_YOUR OBJECTIVE_
Copies of all lines containing the string "bottom" are needed from the data below.

Dataset entries:
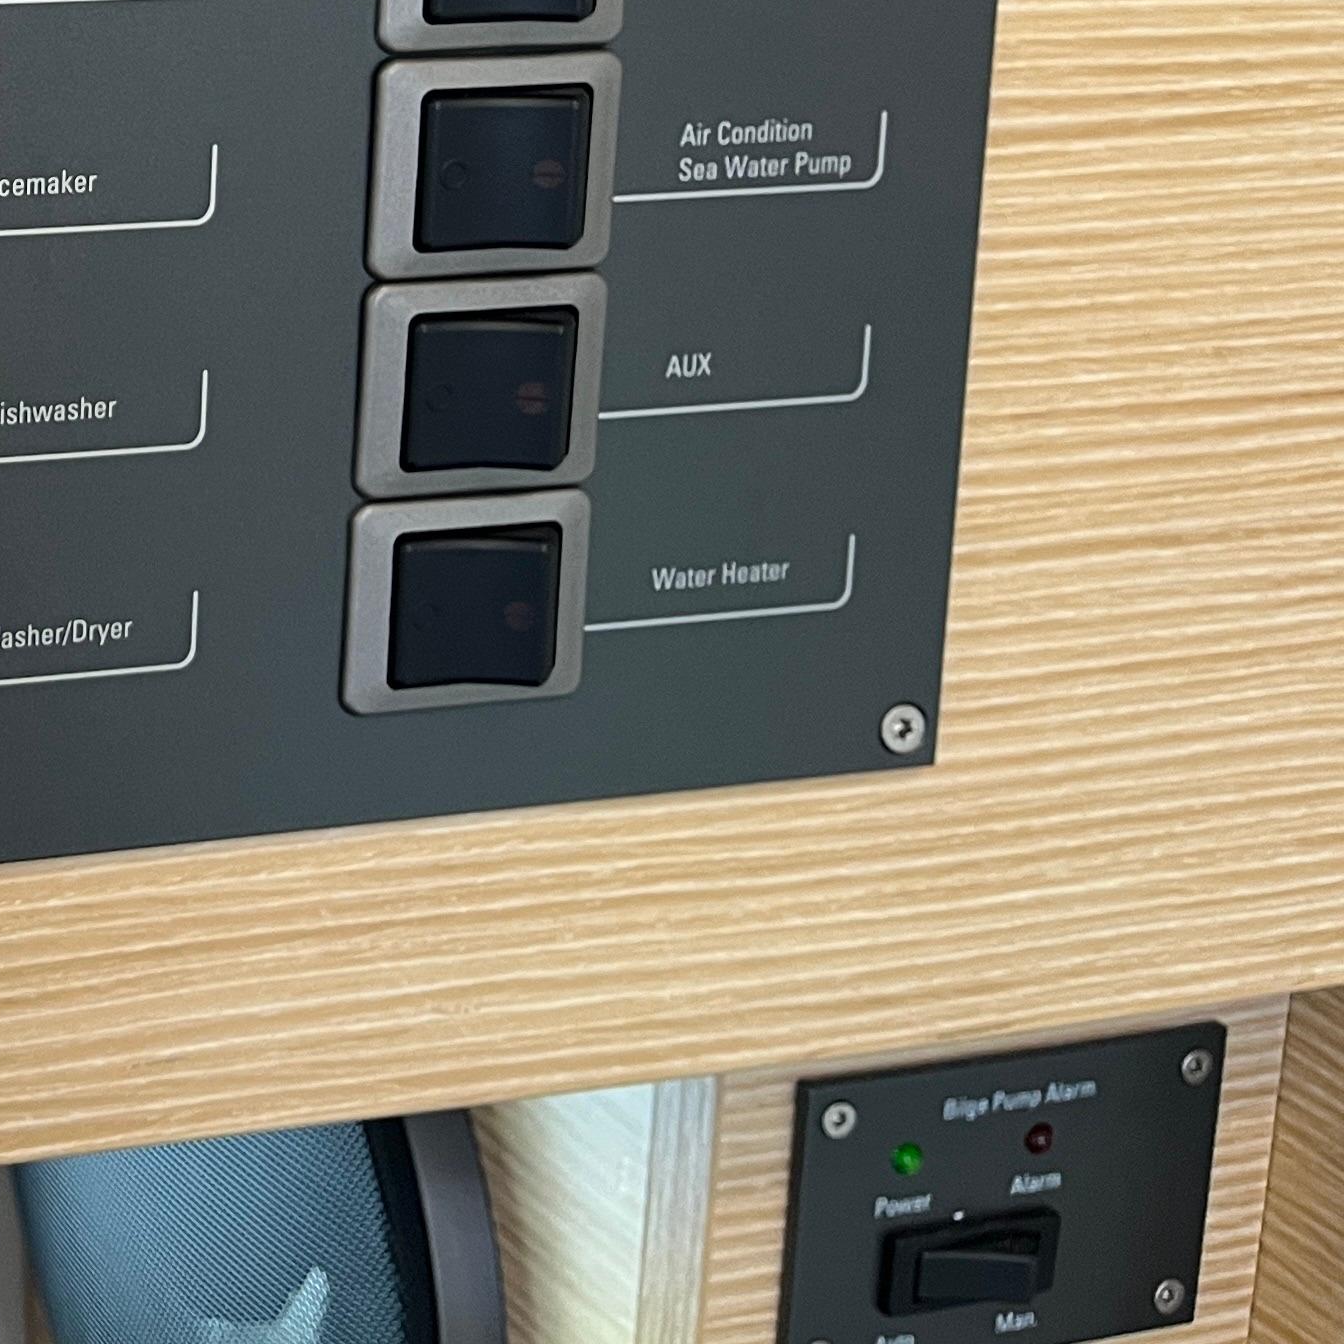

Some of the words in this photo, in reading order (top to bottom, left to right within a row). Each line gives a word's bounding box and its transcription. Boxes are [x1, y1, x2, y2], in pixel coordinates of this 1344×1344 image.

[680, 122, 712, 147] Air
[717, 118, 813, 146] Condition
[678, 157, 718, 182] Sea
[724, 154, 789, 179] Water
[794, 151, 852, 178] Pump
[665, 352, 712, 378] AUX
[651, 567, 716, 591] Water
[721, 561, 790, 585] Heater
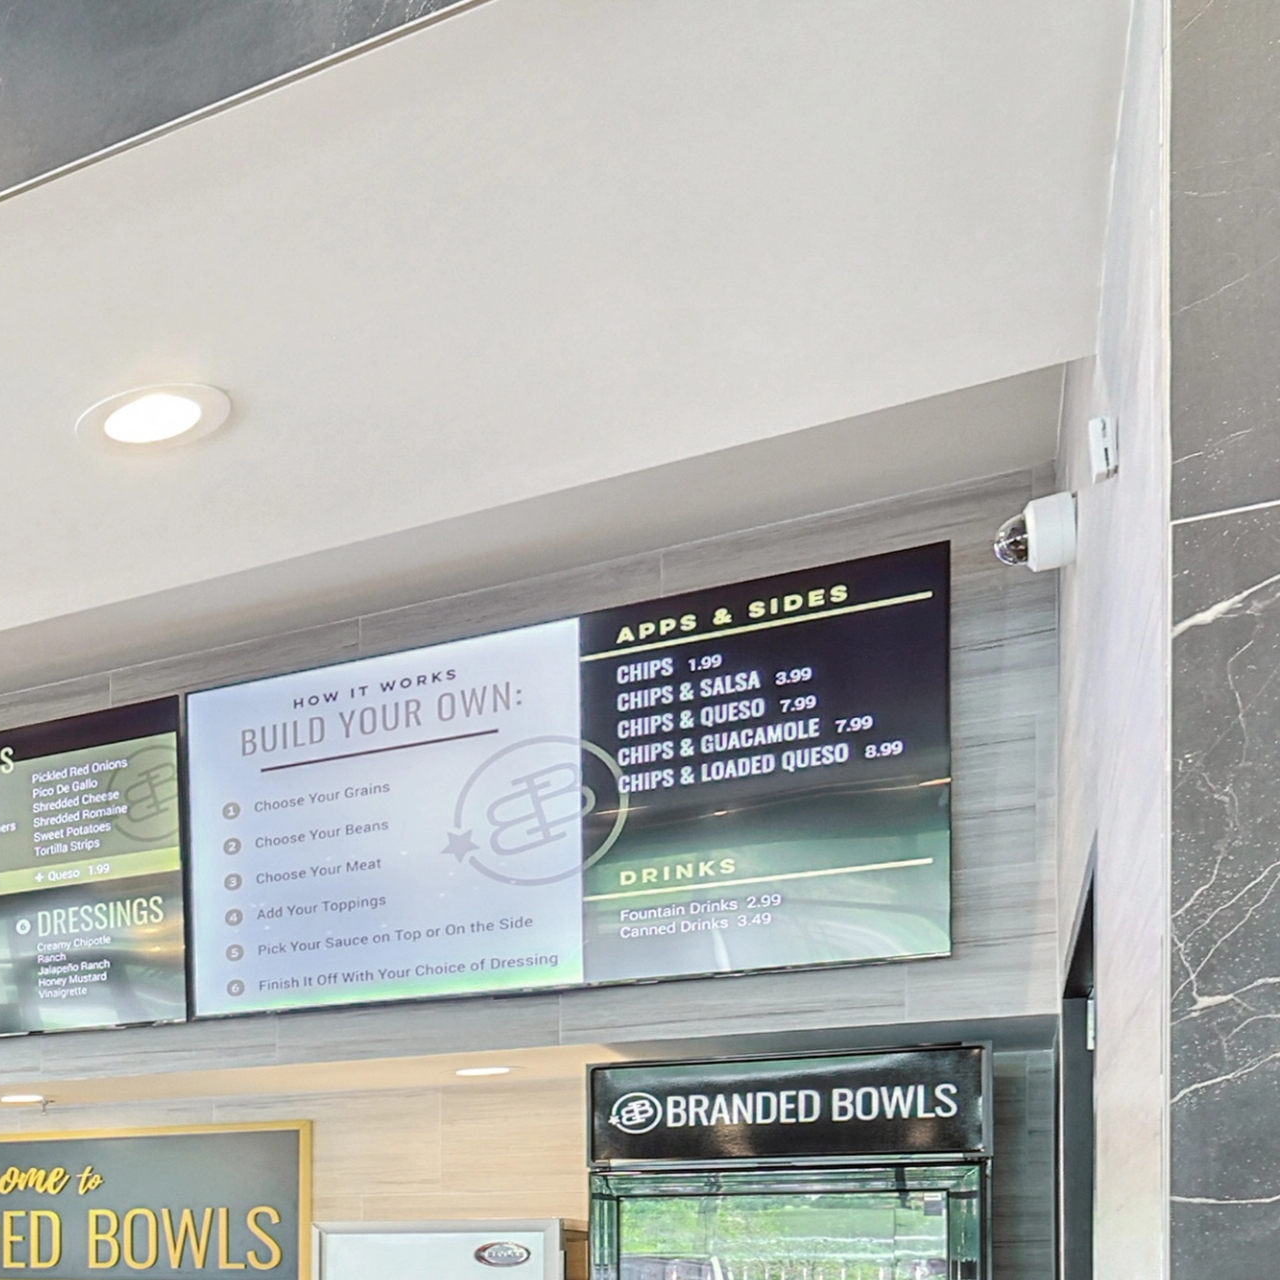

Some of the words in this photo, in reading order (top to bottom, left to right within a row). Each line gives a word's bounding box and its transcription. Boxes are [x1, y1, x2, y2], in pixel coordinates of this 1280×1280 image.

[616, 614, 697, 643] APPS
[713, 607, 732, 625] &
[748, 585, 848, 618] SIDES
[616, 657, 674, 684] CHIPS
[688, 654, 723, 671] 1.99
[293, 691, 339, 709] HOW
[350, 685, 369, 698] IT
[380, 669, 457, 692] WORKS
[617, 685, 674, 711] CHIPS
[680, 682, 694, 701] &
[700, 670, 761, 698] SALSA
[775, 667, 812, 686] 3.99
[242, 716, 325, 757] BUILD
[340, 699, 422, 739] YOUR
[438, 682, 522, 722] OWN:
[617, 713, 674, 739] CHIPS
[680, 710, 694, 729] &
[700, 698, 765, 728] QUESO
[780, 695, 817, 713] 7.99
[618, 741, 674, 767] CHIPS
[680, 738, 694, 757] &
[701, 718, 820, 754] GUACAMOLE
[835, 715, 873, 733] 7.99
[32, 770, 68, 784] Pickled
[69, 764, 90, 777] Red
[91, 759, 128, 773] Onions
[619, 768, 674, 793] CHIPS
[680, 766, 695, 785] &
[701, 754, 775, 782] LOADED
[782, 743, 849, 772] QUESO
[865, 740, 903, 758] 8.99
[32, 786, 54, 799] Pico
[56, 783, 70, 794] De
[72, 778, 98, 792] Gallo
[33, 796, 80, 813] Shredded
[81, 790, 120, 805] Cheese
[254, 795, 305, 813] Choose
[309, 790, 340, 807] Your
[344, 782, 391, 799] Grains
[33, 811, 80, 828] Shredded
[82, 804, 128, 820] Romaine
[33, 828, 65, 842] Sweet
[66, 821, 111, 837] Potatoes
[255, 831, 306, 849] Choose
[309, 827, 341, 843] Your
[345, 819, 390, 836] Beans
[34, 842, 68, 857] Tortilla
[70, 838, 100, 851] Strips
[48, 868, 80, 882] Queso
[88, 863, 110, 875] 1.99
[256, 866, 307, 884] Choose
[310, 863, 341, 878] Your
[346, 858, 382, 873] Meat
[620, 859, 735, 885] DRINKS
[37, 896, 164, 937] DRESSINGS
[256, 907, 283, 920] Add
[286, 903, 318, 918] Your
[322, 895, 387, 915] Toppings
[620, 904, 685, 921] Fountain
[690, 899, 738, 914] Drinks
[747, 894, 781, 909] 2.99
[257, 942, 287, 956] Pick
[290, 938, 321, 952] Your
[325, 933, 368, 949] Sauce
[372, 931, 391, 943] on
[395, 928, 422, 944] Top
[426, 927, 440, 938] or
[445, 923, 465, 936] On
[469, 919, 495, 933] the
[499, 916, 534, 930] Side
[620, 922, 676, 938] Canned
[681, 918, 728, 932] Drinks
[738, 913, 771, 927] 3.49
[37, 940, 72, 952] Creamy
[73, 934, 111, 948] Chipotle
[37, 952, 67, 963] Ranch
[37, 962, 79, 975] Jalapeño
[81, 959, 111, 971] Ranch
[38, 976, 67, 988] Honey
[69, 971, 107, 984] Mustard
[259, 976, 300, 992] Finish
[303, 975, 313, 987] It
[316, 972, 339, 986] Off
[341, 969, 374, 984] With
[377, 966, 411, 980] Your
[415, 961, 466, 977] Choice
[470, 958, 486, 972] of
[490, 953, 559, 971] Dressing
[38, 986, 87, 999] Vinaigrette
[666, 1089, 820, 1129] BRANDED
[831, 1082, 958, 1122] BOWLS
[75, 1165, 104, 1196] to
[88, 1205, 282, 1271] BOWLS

_OUTPUT FOR THIS EXERCISE_
Some of the words in this photo, in reading order (top to bottom, left to right within a row). Each line gives a word's bounding box and its transcription. Boxes are [x1, y1, x2, y2], in pixel coordinates of this 1344×1344 image.
Some of the words in this photo, in reading order (top to bottom, left to right within a row). Each line gives a word's bounding box and its transcription. Boxes are [x1, y1, x2, y2], in pixel coordinates of this 1280×1280 image.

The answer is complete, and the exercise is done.